NBCUniversal’s sophomore Kelly Clarkson, which was the sole talk show to advance in the prior week, also improved, elevating 11% to a 1.0, matching its season high and jumping into fourth place among the talkers for the first time this season.
CBS Television Distribution’s Dr.
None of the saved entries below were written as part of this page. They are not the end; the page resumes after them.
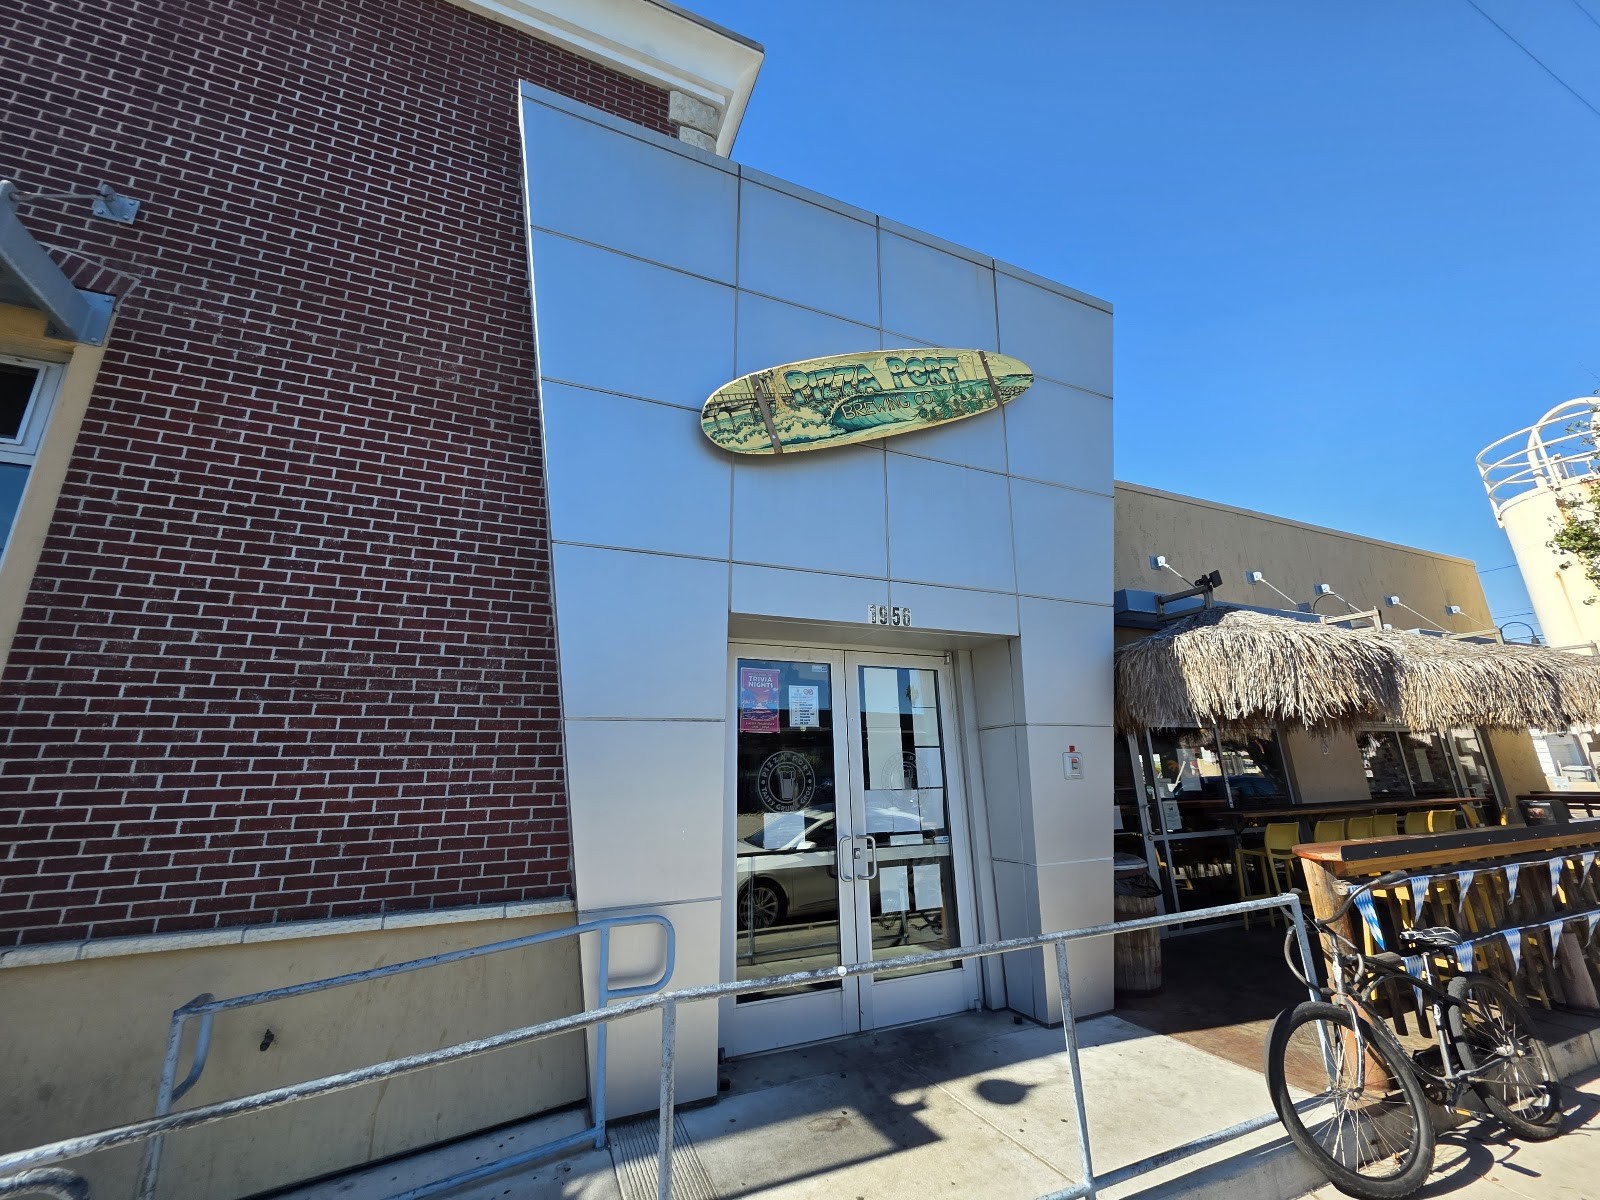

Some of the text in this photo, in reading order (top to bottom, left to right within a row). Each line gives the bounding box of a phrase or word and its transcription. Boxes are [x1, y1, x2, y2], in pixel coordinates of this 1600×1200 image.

[783, 356, 960, 406] PIZZA PORT
[840, 394, 911, 420] BREWING
[869, 604, 911, 627] 1956
[748, 675, 773, 683] TRIVIA
[748, 681, 774, 689] NIGHTS
[761, 753, 812, 778] PIZZA PORT
[761, 786, 776, 806] TASTY
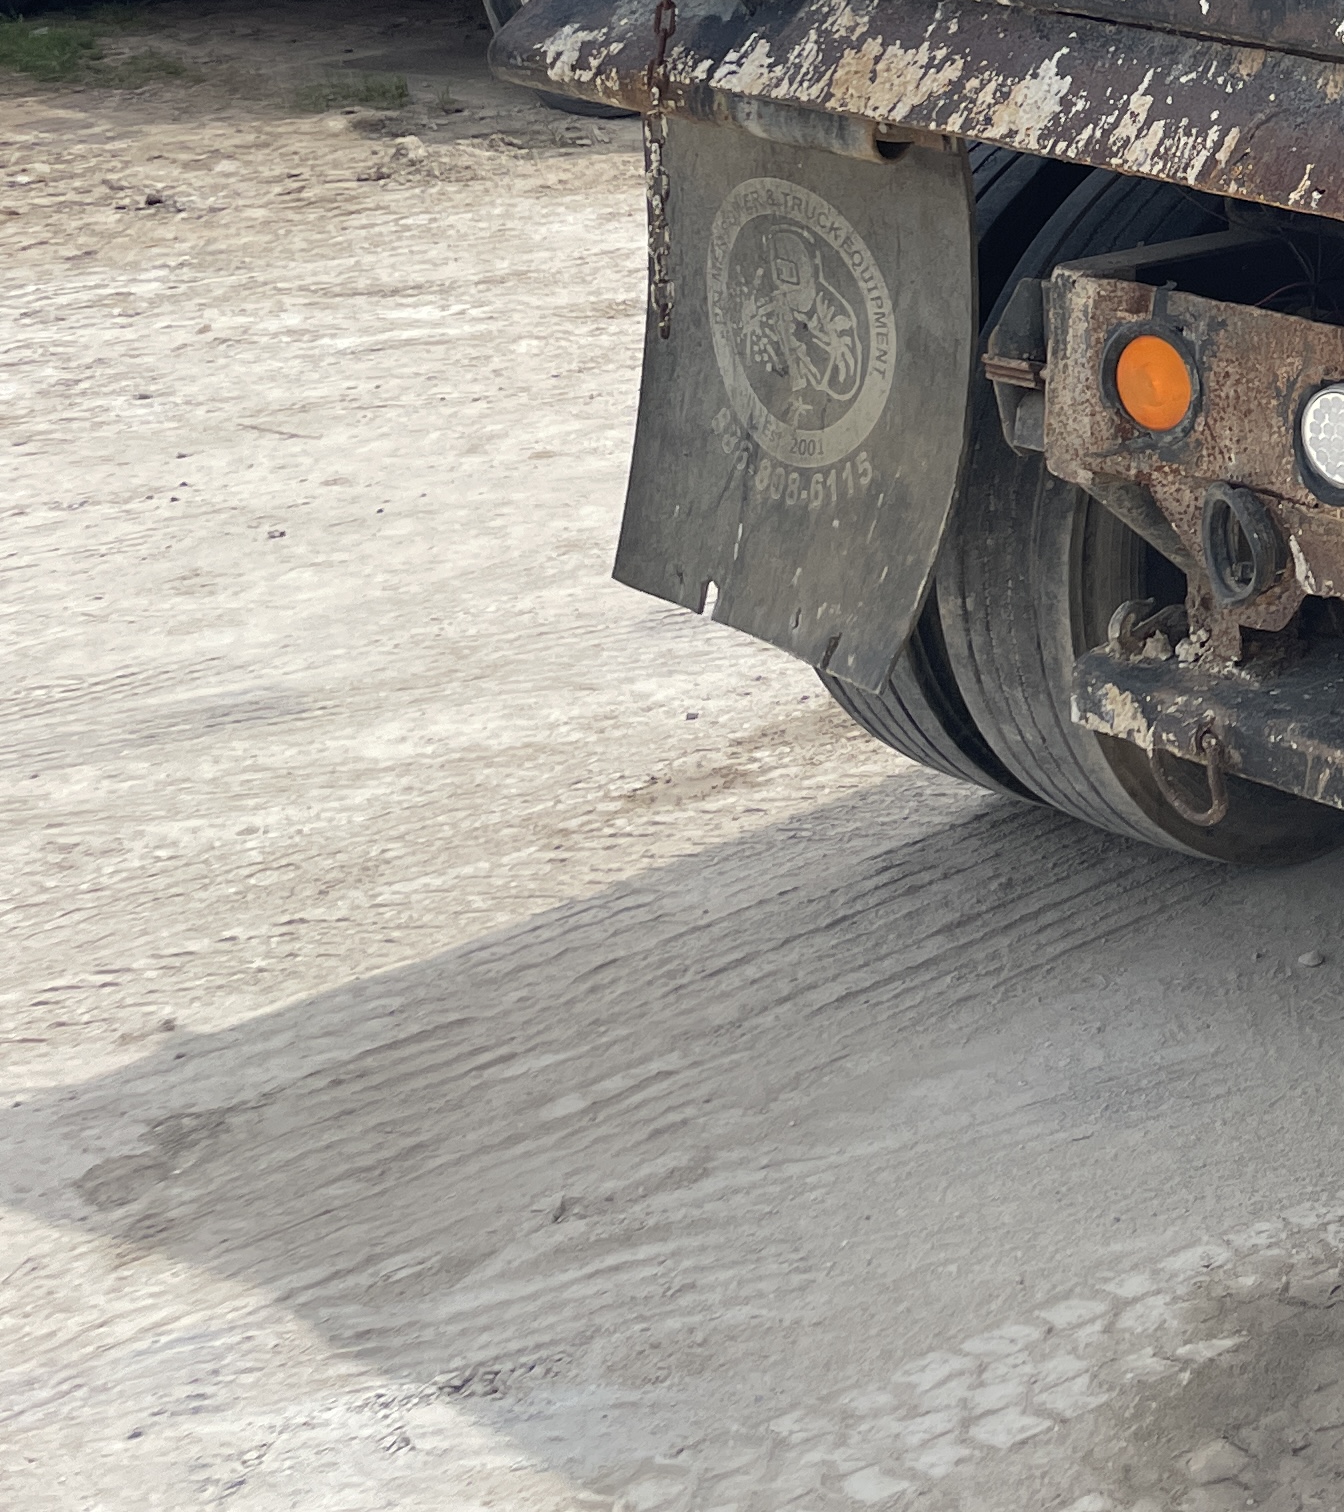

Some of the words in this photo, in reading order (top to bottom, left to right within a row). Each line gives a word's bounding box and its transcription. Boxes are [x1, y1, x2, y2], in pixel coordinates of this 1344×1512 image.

Phil continued to lead the genre, advancing 5% to a new season-high 2.0. Phil has finished first or tied for first in the category 200 times in the past 216 weeks.
Disney’s Live with Kelly and Ryan, which has been first or tied for first in four of the past seven weeks, rebounded 19% to a close second place 1.9. Among women 25-54, Live and Phil tied for first in talk at a 0.8.
Warner Bros.’ Ellen DeGeneres held on to third place with an unchanged 1.1, staying at its season low for a third straight week and underperforming last year at this time by 39%, the biggest year-to-year decline of any of the top-ten talkers.
NBCU’s Maury dropped 10% to a new series-low 0.9 tying Wilkos, which was flat for the 13th straight week; Wendy Williams, which held steady for a third consecutive week; CTD’s Rachael Ray, which rose 13%; and the aforementioned Tamron Hall.
SPT’s Dr. Oz, Warner Bros.’ The Real, CTD’s The Doctors and NBCU’s out-of-production syndicated run of Jerry Springer all were on par with the prior week’s 0.6, 0.4, 0.3 and 0.2, respectively, with Oz, Doctors and Springer remaining at series lows.
CTD’s rookie talker Drew Barrymore held at a 0.6 for a third straight week, tying Oz.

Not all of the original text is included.